Finbarr O'Reilly was based in West Africa as a Reuters correspondent and staff photographer from 2001 until 2014, and covered wars in Democratic Republic of Congo, Sudan, Chad, and elsewhere. His photography has earned top industry awards, including the World Press Photo of the Year in 2006, as well as numerous awards from the National Press Photographers Association and Pictures of the Year International. He left Reuters in 2015 after photographing wars in Afghanistan, Israel, and the Palestinian Territories. He has moved into academia, with fellowships at Harvard, Columbia, and Yale. Finbarr is co-writing a non-fiction book, "Shooting Ghosts," that will be published by the Viking imprint of Penguin/Random House. He will serve as an advisory member on visual storytelling. With his years of noteworthy war coverage, Finbarr will provide quarterly review and ensure The War Horse publishes visual components in the most captivating manner possible.

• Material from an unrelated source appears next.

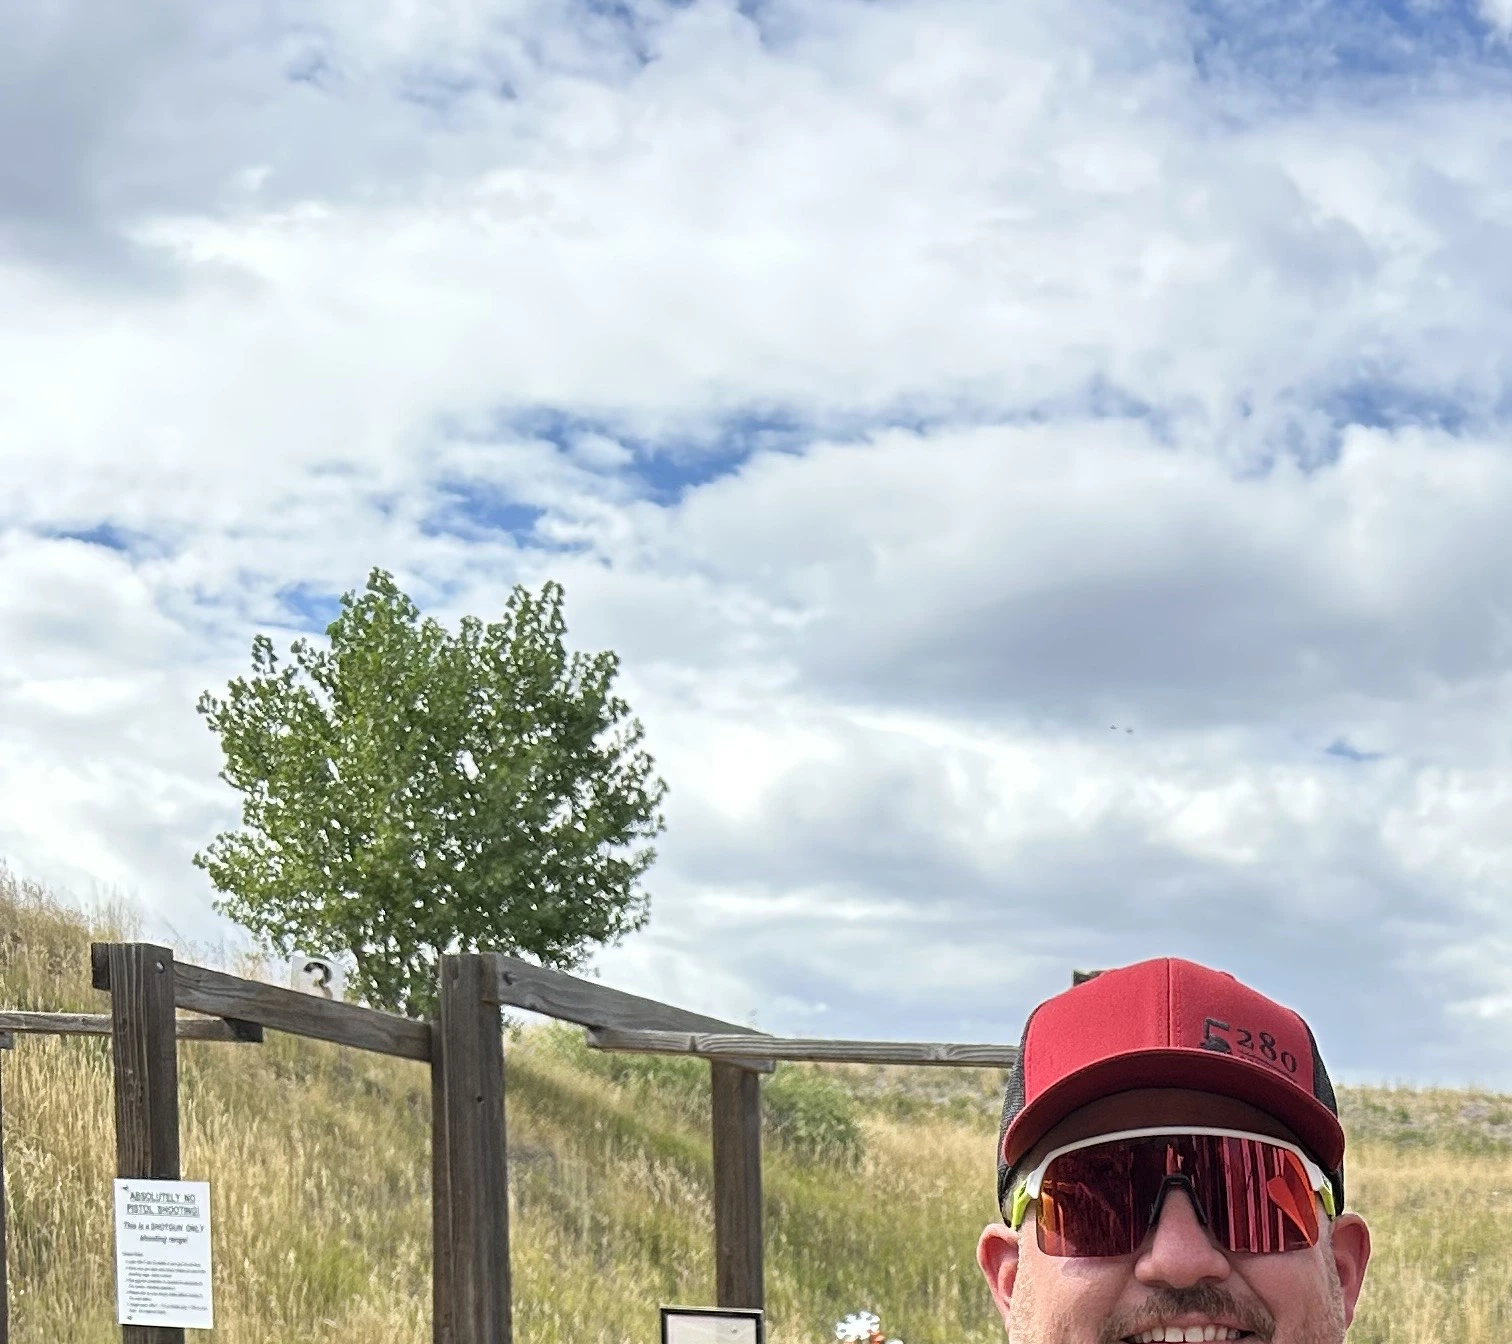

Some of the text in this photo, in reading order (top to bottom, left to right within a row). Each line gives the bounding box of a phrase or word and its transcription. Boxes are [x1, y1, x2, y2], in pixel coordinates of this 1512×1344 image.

[1201, 1016, 1297, 1073] 5280
[130, 1192, 196, 1203] ABSOLUTELY NO
[127, 1204, 154, 1215] PISTOL

Daniel Ellsberg is probably best known for his 1971 role in disclosing the previously secret Pentagon Papers, which revealed the true story of U.S. involvement in the Vietnam War. A Harvard PhD in Economics and former U.S. Marine Corps rifle company commander, he worked at the Pentagon, White House, State Department and the Rand Corporation before he became disillusioned with the U.S.’s role in Vietnam.
Since the end of the Vietnam War, Ellsberg has been a lecturer, writer and activist on the dangers of the nuclear era, wrongful U.S. interventions and the urgent need for patriotic whistleblowing. He is a Senior Fellow of the Nuclear Age Peace Foundation.